Calvin411, CC BY-SA 4.0 , via Wikimedia Commons

As municipal planning and design shifts away from the sprawling, car-centric model that dominated much of the 20th century, developers and local governments can disagree over how to grow cities sustainably. Transit-oriented development (TOD), which prioritizes population density, walkability, land-use diversity and parking around transit nodes, is a long-standing field. However, much of the research in past years has omitted the critical component of land development potential.

Carmela Cucuzzella, professor of design and computation arts, recently published a paper on this topic in the journal Cities. In it, Cucuzzella and her co-authors create an easily transferrable TOD index that assesses the opportunities to create polycentric cities based around transit nodes outside of the downtown core.

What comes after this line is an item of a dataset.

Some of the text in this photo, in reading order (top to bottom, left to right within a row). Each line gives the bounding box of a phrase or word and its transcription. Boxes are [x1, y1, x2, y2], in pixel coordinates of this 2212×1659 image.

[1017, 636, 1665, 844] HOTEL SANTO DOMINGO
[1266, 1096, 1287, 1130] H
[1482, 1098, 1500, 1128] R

“Work on this paper began pre-COVID, and now we are seeing how timely it is. There is a large portion of the population that is working in a hybrid model and they want vibrancy in their vicinity,” says Cucuzzella, a founding co-director of Concordia’s Next-Generation Cities Institute.

“The downtown core will always exist since it is the centre of our cultural activities, it’s where most of our jobs are located and it has the densest residential areas of the city. It will always remain the core.”

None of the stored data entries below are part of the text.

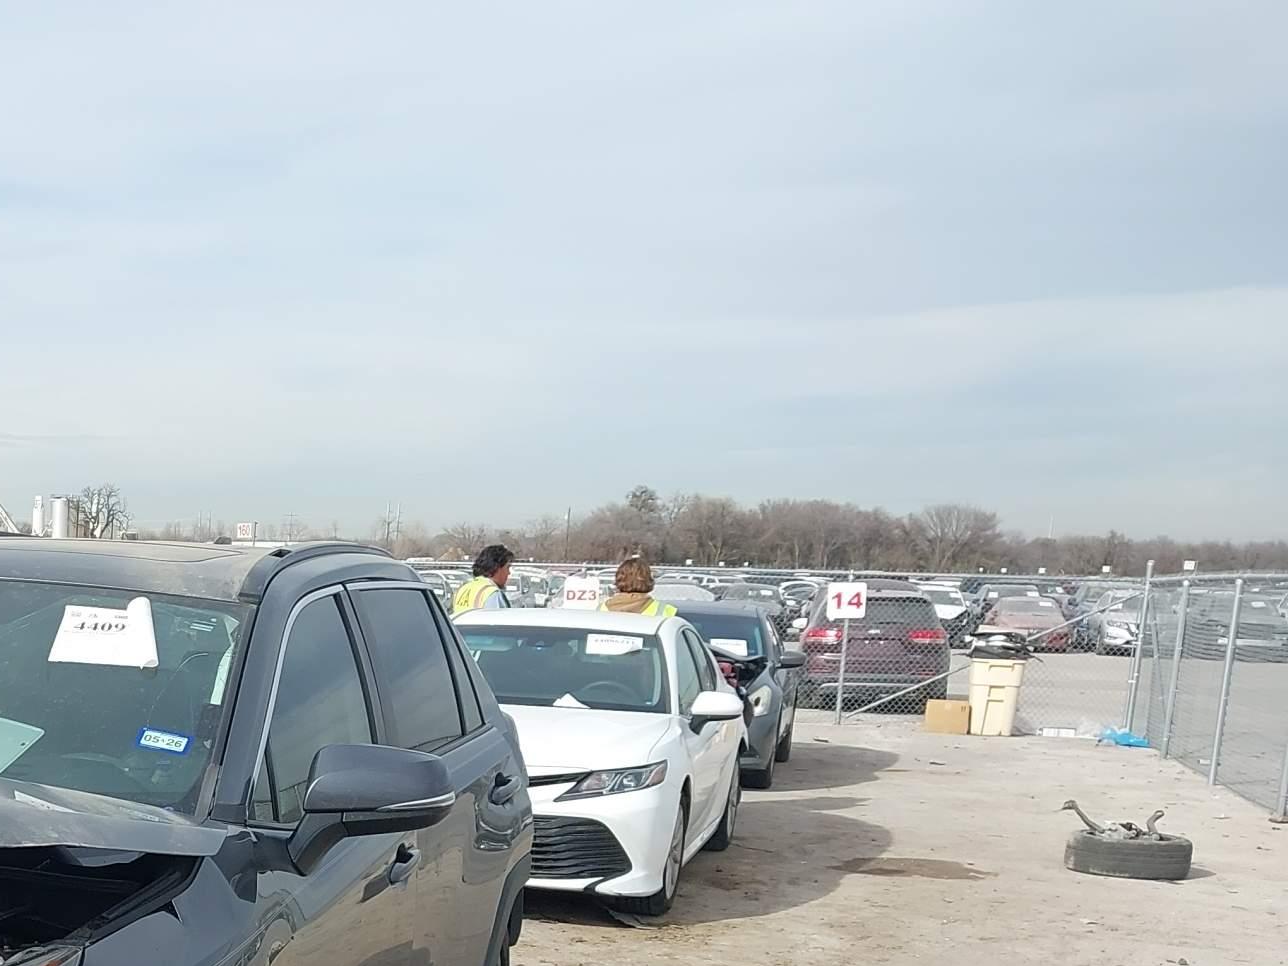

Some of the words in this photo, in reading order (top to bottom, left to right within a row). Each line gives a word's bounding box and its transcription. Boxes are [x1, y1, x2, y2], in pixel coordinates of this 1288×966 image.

[566, 590, 597, 601] DZ3
[832, 591, 863, 609] 14
[73, 621, 126, 632] 4409
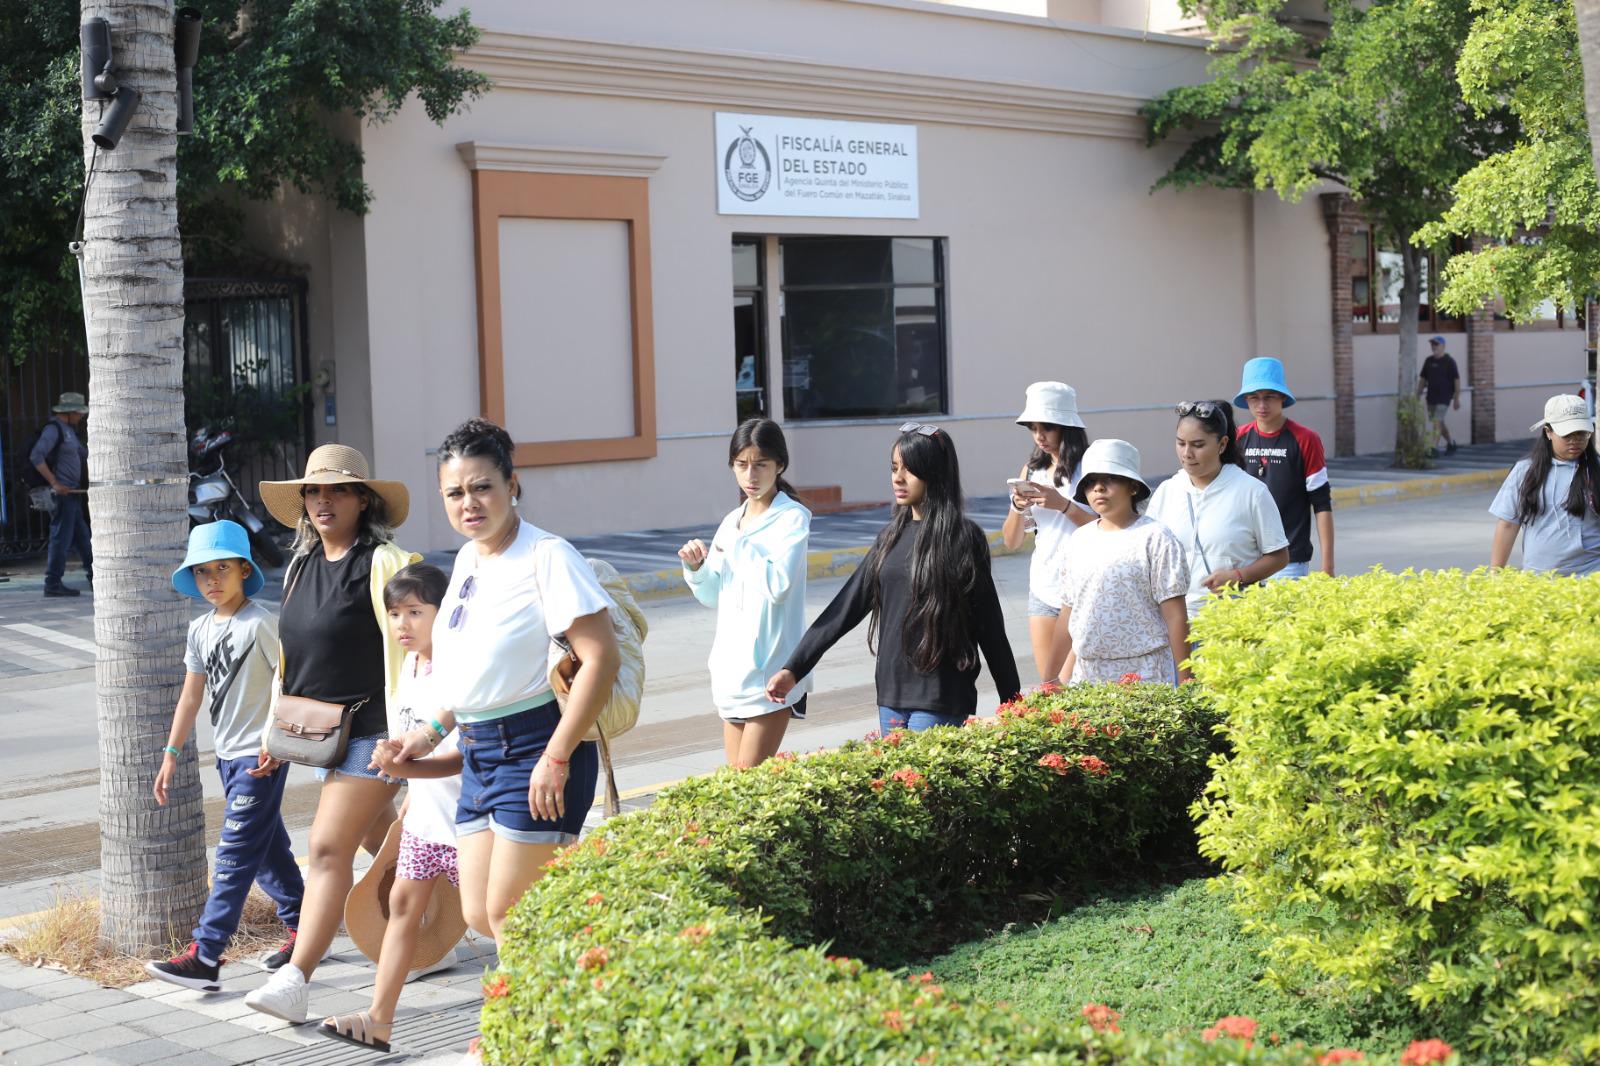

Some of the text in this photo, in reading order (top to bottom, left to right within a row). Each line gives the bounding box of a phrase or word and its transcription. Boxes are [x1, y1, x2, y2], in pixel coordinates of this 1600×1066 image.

[782, 134, 908, 156] FISCALÍA GENERAL
[783, 159, 867, 176] DEL ESTADO
[738, 172, 759, 183] FGE
[783, 176, 812, 187] Agencia
[814, 178, 837, 187] Quinta
[839, 178, 849, 187] del
[851, 179, 882, 189] Ministerio
[783, 188, 796, 198] del
[797, 189, 817, 198] Fuero
[819, 189, 843, 199] Común
[845, 192, 853, 200] en
[1245, 448, 1287, 457] ABERCROMBIE
[234, 794, 257, 805] NIKE

Jordan Owen of the Massachusetts Institute of Technology, Sherif Goubran at the American University in Cairo and Thomas Walker, a professor of finance at the John Molson School of Business, co-authored the paper.

Carmela Cucuzzella: “This index brings together city planners and the developers and investors to the same table, because they can work together now.”

Layers of the city

Cucuzzella studies how certain cities have successfully shifted urban mobility patterns at her research project CoLLaboratoire for Activating Multi-modal Mobility. The current study looks at the development potential based around the Réseau express métropolitain (REM) commuter rail network, which will soon serve the Montreal area and its surrounding suburbs with a 67-kilometre, 26-station system.

The index looks to integrate three distinct layers into its calculations, based on a one-kilometre walkable radius around each REM station. The layers combine socioenvironmental characteristics, economic vibrancy and development potential to assess their score. Each station is then ranked according to its development potential.

Socioeconomic characteristics look at the area’s walkability, including barriers like, in Montreal’s case, a river, a mountain, train tracks or a highway. It also includes a Green View Index, essentially measuring the area’s tree canopy and green spaces. Last is the car use ratio, which helps assess the potential of a shift to transit use.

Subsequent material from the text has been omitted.